De Passage – a motionless journey between here and elsewhere

The photographic exhibition De Passage , presented at Espace 7 (7 rue Saint-Sabin, Paris 75011) from April 18 to 25, 2025, brings two sensitive worlds into dialogue. Longtime friends Wendel Nazaire and Everdy Ndombaxe conceived this series together as a “still journey,” an exploration of the inner home made visible by their complicit gaze. Their photographs form a common corpus in which their sensibilities intertwine: Wendel works in color, Everdy in black and white. Together, they weave the portrait of a creative friendship, the echo of which can be felt in each image.

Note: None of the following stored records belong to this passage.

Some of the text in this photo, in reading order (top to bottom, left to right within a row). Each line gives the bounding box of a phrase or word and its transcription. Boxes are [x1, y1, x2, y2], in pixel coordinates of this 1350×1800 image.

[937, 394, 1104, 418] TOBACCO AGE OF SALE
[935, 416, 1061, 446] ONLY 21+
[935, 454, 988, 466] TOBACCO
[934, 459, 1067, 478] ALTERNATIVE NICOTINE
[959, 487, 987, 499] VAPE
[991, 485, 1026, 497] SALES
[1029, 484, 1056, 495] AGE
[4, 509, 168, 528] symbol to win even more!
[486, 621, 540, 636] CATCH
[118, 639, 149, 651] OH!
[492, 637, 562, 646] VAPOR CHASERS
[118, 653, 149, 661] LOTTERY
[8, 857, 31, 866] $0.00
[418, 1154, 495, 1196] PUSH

Temporality, movement and memory

Each photograph in De Passage seems to capture a fleeting fragment of life. The subjects are often blurred or captured on the spot, as if caught on the doorstep between two places or two moments. This staging gives the exhibition an atmosphere that is both gentle and uncertain, somewhere between silent contemplation and slipping memory. The visitor feels the fluidity of time: each image invites us to meditate on the present moment. As photographer Stephen Wilkes notes, photography can “condense time into a single image” ​nationalgeographic.fr . Here, each snapshot stolen from time suspends the moment, borrowing from the gaze that of the silent witness of “time passing.” Ultimately, the images together create a feeling of crossing: each photo acts as a bridge between a starting point and a place of arrival, taking the gaze on an intimate journey between past and present.

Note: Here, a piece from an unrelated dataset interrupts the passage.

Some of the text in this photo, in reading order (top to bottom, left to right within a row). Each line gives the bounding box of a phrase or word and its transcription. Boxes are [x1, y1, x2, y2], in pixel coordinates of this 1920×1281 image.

Diasporic Identity and the Search for Home

Beyond movement, De Passage powerfully explores the question of diasporic identity and the quest for “home.” Wendel Nazaire and Everdy Ndombaxe each embody a dual belonging: their personal journeys are marked by exile and the search for a connection with their distant roots, while being anchored in the Parisian present. As the Musée de l’Immigration reminds us, the diaspora refers to “populations driven from their country” who “refer to a lost territory, the starting point of a life punctuated by mobility” ​histoire-immigration.fr . The photographers illustrate this idea by mixing the here and the elsewhere in their images. Sometimes, we find, implicitly, a familiar architectural motif or a detail of everyday life inherited from another culture – all signs that home can be rebuilt beyond borders. Each shot superimposes the immediate and the distant, translating the complexity of an identity woven from several worlds. In this diasporic depth, the photographs evoke not only the story of a journey or the solitude of the uprooted, but also the story of a return and a reinvented reunion. It is the trace of a shared journey and a cultural plurality that shines through in the two artists' view of the world.

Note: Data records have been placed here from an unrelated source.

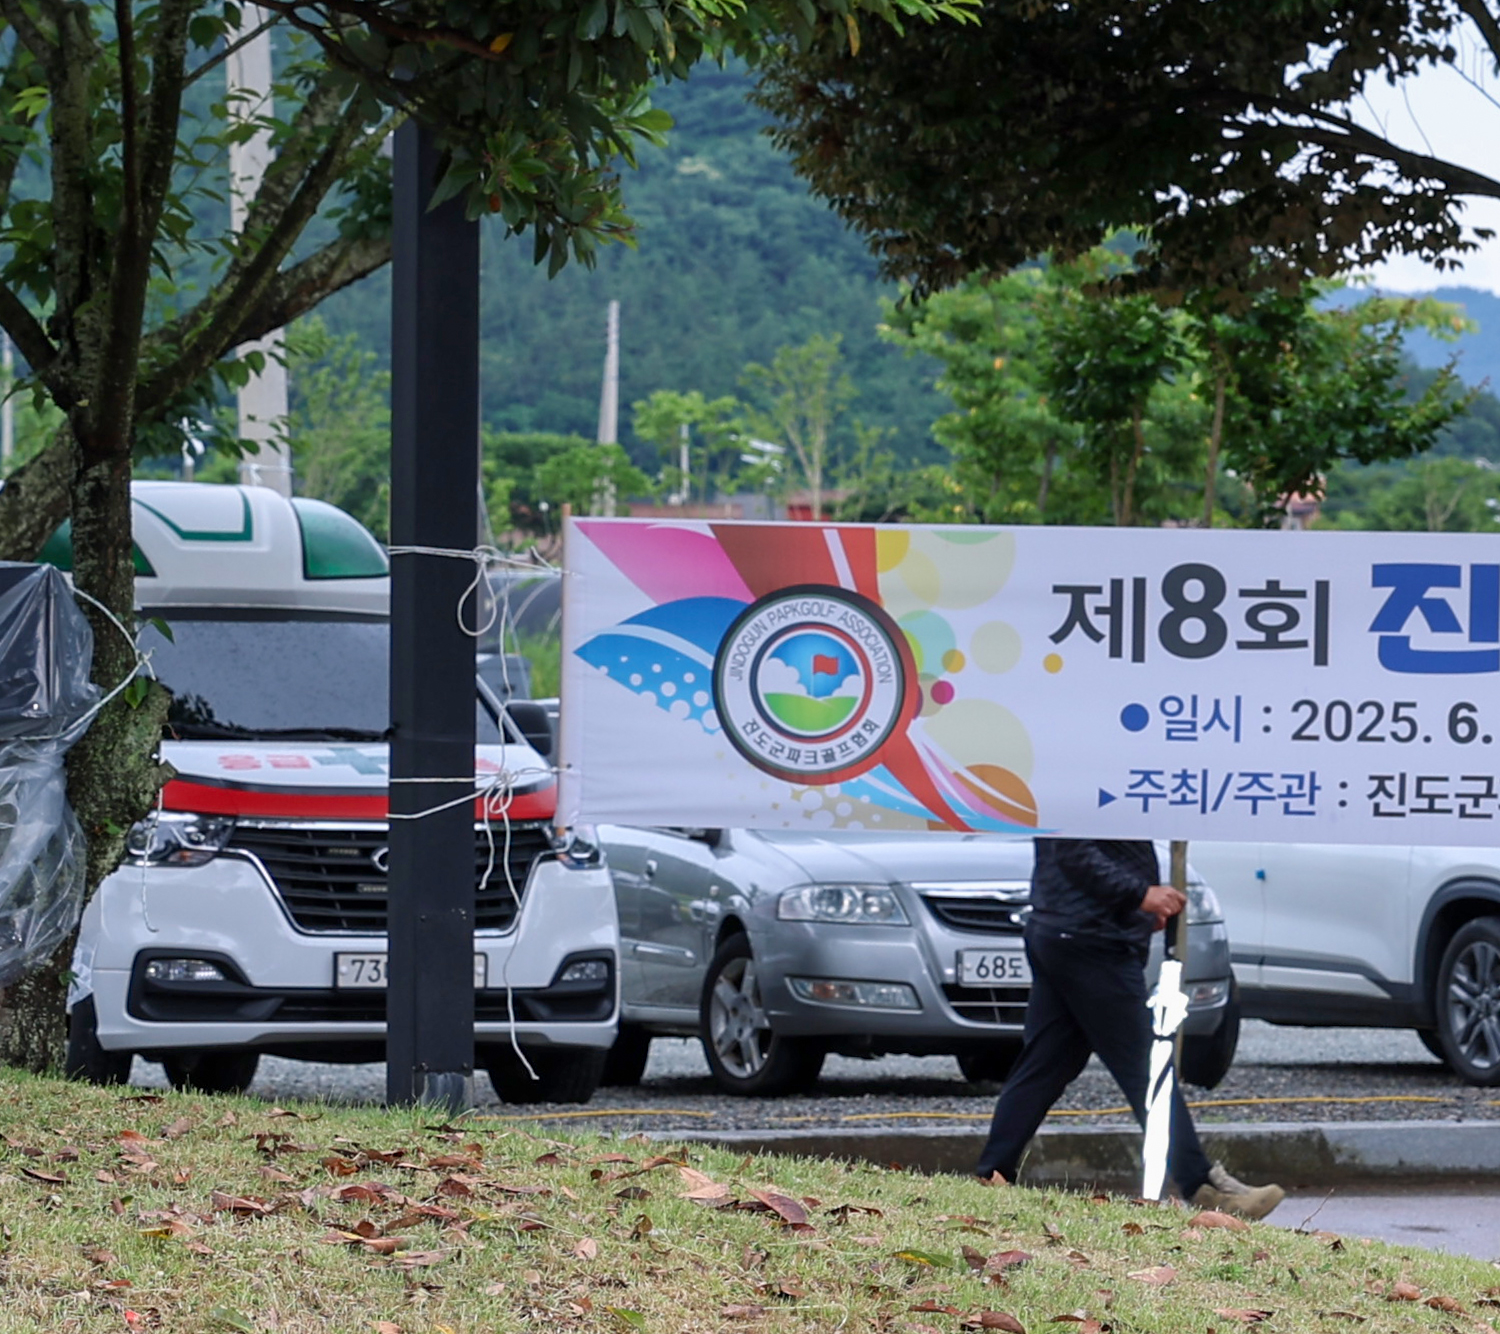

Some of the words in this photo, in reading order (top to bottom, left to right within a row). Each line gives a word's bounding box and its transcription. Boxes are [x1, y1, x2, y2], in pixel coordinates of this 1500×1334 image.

[1048, 563, 1331, 667] 제8회
[729, 618, 768, 681] JINDOGUN
[838, 610, 893, 684] ASSOCIATION
[1158, 694, 1243, 743] 일시
[1290, 699, 1432, 744] 2025.
[1447, 701, 1493, 745] 6.
[1124, 768, 1321, 816] 주최/주관
[351, 959, 388, 983] 73
[976, 955, 1023, 979] 68도

Artistic complicity and visual conversation

The complicity between Wendel Nazaire and Everdy Ndombaxe shines through in every image. Friends in life, they have built this exhibition together like a two-voice conversation. Each expresses their own universe, and their works respond to each other as if in a silent dialogue: Wendel's colorful vivacity begins the same stories as Everdy's black and white gravity. This contrast is not accidental: on the one hand, Wendel's rich and warm palette captures the energy of the present and the light of everyday life; on the other, Everdy's black and white exudes a gentle melancholy, like the memory of an ancient world. Their collective gamble makes sense: these two complementary perspectives illustrate the same idea of passage and memory. The juxtaposition of the images then creates a kind of visual music, where each photo responds to the previous one. This mirroring of styles—color against monochrome, brightness against shadow—enriches the emotional scope of De Passage . Ultimately, beyond the themes explored, it is the friendship between the two artists that holds this joint work together. Through their trust and mutual listening, they offer the visitor an intimate, moving, and luminous photographic journey.


To extend the experience, the worlds of Wendel Nazaire and Everdy Ndombaxe can be discovered on Instagram.

instagram.com/wendelnazaire

instagram.com/everdyluvy


Sources: Contemporary analyses highlight that photography can “condense time into a single image” ​nationalgeographic.fr and that diaspora refers to a “lost territory, the starting point of a life punctuated by mobility” ​histoire-immigration.fr , notions that shed light on the works of De Passage . These quotes allow us to situate the approach of the two photographers in a broader context of memory and cultural identity.